L’enseignant de mon fils, en CM1, envoie des mails chaque jour avec le travail à faire. Il propose de travailler de 10h à 12h et de vérifier le travail avec les corrections qu’il envoie en fin de journée. Ce tempo devient le mien. Nous nous installons tous les matins, les enfants et moi à la table de travail. Avec mon fils, cela se passe dans ces deux heures contenues. Certains amis souffrent de devoir télétravailler et assumer le rôle d’enseignant. Je ne suis pas dans ce cas, chanceuse. Les demandes de l’enseignant sont adaptées et mesurées. Mon fils s’y retrouve, tout seul, pas vraiment besoin de moi. Ma fille, en 3e, a beaucoup de travail et elle y passe plus que la matinée. Mais elle est très autonome. Nous partageons la table de travail, c’est un moment privilégié.

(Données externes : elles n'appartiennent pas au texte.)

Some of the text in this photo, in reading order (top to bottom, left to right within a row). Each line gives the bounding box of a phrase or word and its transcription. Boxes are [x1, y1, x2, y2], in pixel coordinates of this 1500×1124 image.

Je commence toujours par parcourir mes mails. J’en ai tellement peu… quand j’en ai trois par jour, c’est une journée riche. Alors qu’en temps normal, j’en reçois trois en dix minutes. Ce confinement dilue tout. Tout semble inversé. Alors qu’il avait fallu apprendre à accomplir une somme de taches le plus vite possible, désormais, il ne faut pas travailler trop vite, en garder pour demain.

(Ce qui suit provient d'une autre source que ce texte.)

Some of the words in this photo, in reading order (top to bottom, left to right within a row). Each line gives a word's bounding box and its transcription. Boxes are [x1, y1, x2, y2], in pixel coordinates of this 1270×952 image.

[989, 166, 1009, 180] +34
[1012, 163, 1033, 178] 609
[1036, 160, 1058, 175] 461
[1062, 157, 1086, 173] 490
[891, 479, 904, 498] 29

Les projets que je coordonne sont tous suspendus. J’ai un ou deux collègues au téléphone afin de parler de ce qui aurait du etre et qui, compte tenu du contexte, ne sera pas. Comment nous projeter ? En avons-nous les moyens ?

Je décide de dresser un tableau des projets annulés, ceux qui pourront être reportés à l’automne. Mais le contexte le permettra-t-il ?

J’ai toujours travaillé dans l’anticipation de projets. Ce fonctionnement n’est pour le moment plus possible. Certains collègues se projettent pourtant et transmettent des éléments pour construire l’année prochaine.

Au début, j’ai du mal à les lire, les prendre au sérieux. Puis je me lance, je recense tout, je reprends les outils familiers, comme si de rien n’était pour anticiper ce futur, pourtant totalement incertain. Je transmets à mon directeur. Nous nous appelons, nous faisons le point. Cela me fait du bien.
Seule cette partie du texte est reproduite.